Discussion
Ectopic duodenal mucosa with adenomatous hyperplasia in the stomach is extremely rare in clinical practice. In this paper, we describe a protuberant lesion in the gastric antrum, finally was pathologically diagnosed as ectopic duodenal mucosa. We hold the opinion that this disease is an adenomatoid hyperplasia of the duodenal gland on the basis of duodenal mucosa ectopia in stomach. Pathological examination showed that the tissues were well differentiated, with no obvious atypia and a benign development process.
Clinical analogues of this disease are gastric adenomas, pyloric adenomas, and gastric polyps. Duodenal Brunner adenoma is similar with this disease.
Gastric adenomas are benign polypoid lesions composed of neoplastic gastric epithelium, accounting for about 10% of gastric benign polypoid lesions, also known as adenomatous polyps or gastric polypoid dysplasia. Its nature belongs to gastric mucosal dysplasia/intraepithelial neoplasia, which is the precursor lesion of gastric cancer. They were divided into intestinal adenoma, pyloric adenoma, foveolar adenoma and acid-secreting adenoma.[2]
Pyloric gland adenoma (Pyloric gland adenoma) is a rare gastrointestinal tumor. Gastric pyloric adenomas arise in chronically damaged mucosa. The neoplastic glands had the differentiation of gastric pyloric glands and were tightly organized with occasional cystic dilatation. Individual cells were cuboidal to columnar, with eosinophilic to amphoteric cytoplasm, and imucosal or mucinous tectum poorly formed. The nuclei were round to ovoid with occasional prominent nucleoli. By immunohistochemistry, tumor cells marked gastric pyloric gland differentiation markers, including MUC6 and MUC5AC.[3] Although its pyloric adenoma can be treated conservatively, it should be completely removed if possible, especially for large adenomas or pyloric adenomas showing high-grade features.[4]
Gastric polyps are sessile or pedunculated lesions that originate from the gastric epithelium or submucosa and protrude into the gastric cavity. Malignant potential: According to the histological type, some gastric polyps (adenomas and hyperplastic polyps) have malignant potential and are a precursor to early gastric cancer. They may also indicate an increased risk of intestinal or extraintestinal malignancies.[5]
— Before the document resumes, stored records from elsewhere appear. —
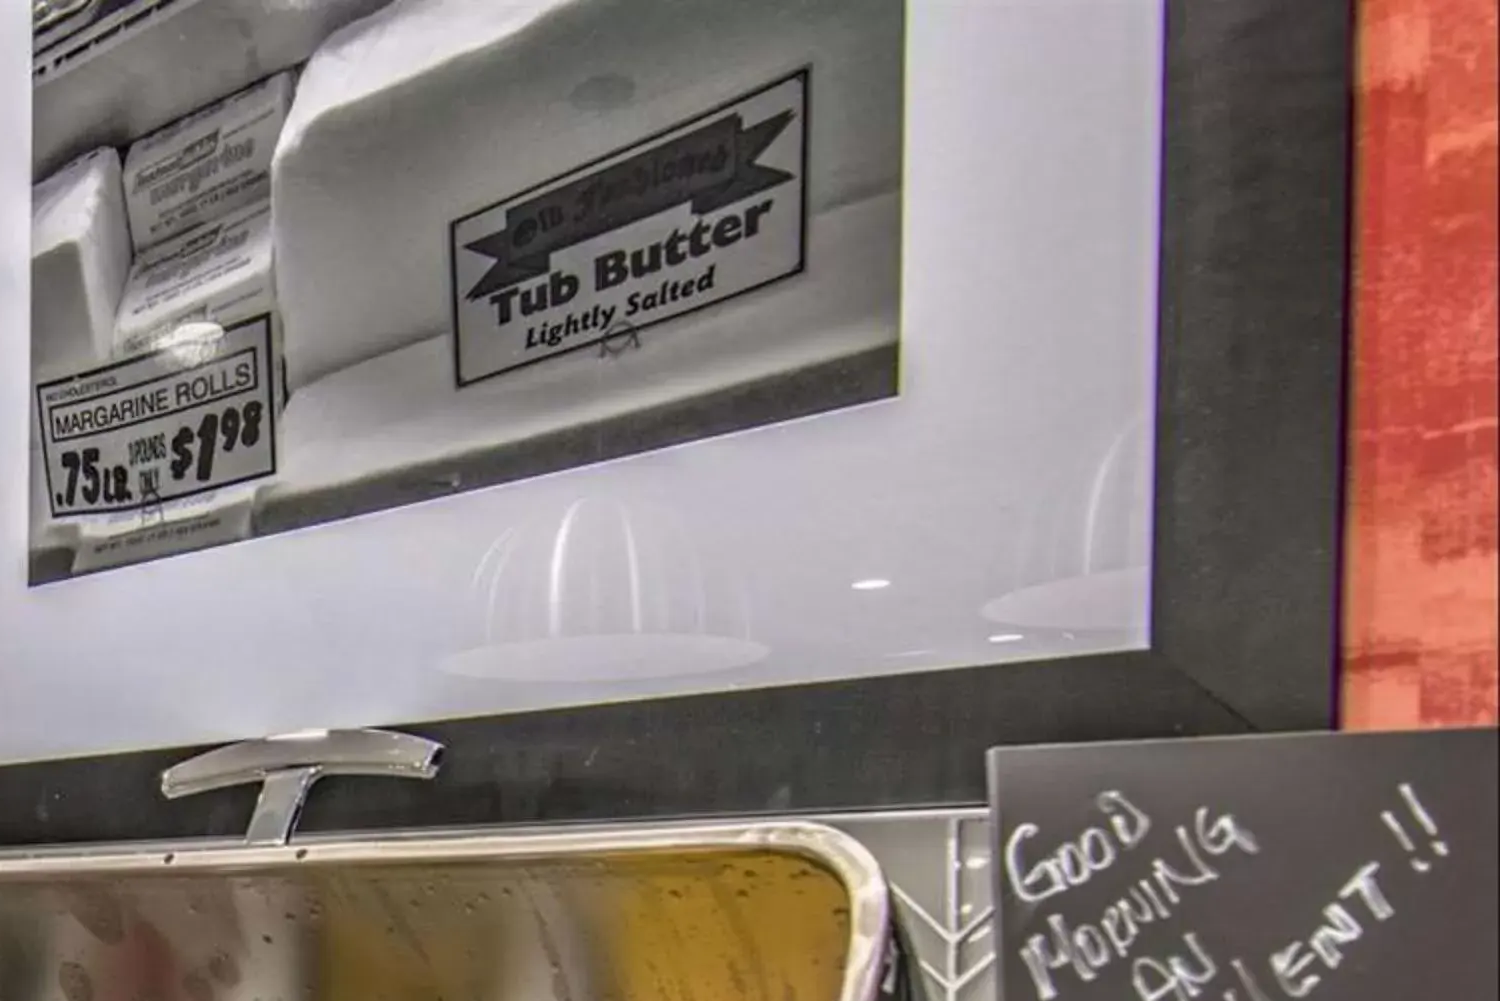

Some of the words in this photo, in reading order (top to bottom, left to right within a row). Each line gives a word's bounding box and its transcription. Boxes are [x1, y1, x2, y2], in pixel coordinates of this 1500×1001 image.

[489, 270, 579, 326] Tub
[594, 200, 774, 291] Butter
[525, 304, 617, 349] Lightly
[625, 264, 716, 317] Salted
[55, 393, 170, 435] MARGARINE
[176, 363, 252, 405] ROLLS
[56, 447, 100, 507] .75
[1020, 806, 1260, 1001] MORNING
Duodenal Brunner adenoma refers to the presence of fundic gland tissue in the lamina propria mucosa of the duodenal bulb, that is, well differentiated gastric glands containing complete chief cells and parietal cells can be seen in the lamina propria mucosa of the duodenal bulb. They were usually polypoid nodules, granular or flat uplift, part of the gastric mucosa wrinkle-like uplift, cobblestone-like uplift, cauliflower-like uplift, etc., with different sizes and numbers, often multiple. Duodenal Brunner adenoma should be removed early and examined pathologically to prevent serious complications.[6]
In summary, ectopic duodenal mucosa with adenomatous hyperplasia in the stomach is generally benign. In order to confirm the diagnosis and avoid canceration, ulcer, bleeding and other complications, complete endoscopic resection of the goitre with pathological examination is appropriate.